Dataset entries
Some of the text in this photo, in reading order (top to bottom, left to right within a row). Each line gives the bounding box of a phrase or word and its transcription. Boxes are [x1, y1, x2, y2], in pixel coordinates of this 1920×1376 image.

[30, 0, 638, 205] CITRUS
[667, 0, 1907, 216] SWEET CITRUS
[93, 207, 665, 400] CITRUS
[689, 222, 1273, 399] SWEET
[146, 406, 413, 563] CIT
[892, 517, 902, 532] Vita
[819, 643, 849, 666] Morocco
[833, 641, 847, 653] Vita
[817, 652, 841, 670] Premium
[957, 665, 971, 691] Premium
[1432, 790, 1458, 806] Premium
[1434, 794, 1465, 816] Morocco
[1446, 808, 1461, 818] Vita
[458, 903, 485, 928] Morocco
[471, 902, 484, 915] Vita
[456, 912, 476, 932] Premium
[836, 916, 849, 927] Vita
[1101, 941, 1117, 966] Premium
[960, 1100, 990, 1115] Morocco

*The problem*: Your reply should be all of the data, returned exactly.

*Response below*:
Some of the text in this photo, in reading order (top to bottom, left to right within a row). Each line gives the bounding box of a phrase or word and its transcription. Boxes are [x1, y1, x2, y2], in pixel coordinates of this 1920×1376 image.

[30, 0, 638, 205] CITRUS
[667, 0, 1907, 216] SWEET CITRUS
[93, 207, 665, 400] CITRUS
[689, 222, 1273, 399] SWEET
[146, 406, 413, 563] CIT
[892, 517, 902, 532] Vita
[819, 643, 849, 666] Morocco
[833, 641, 847, 653] Vita
[817, 652, 841, 670] Premium
[957, 665, 971, 691] Premium
[1432, 790, 1458, 806] Premium
[1434, 794, 1465, 816] Morocco
[1446, 808, 1461, 818] Vita
[458, 903, 485, 928] Morocco
[471, 902, 484, 915] Vita
[456, 912, 476, 932] Premium
[836, 916, 849, 927] Vita
[1101, 941, 1117, 966] Premium
[960, 1100, 990, 1115] Morocco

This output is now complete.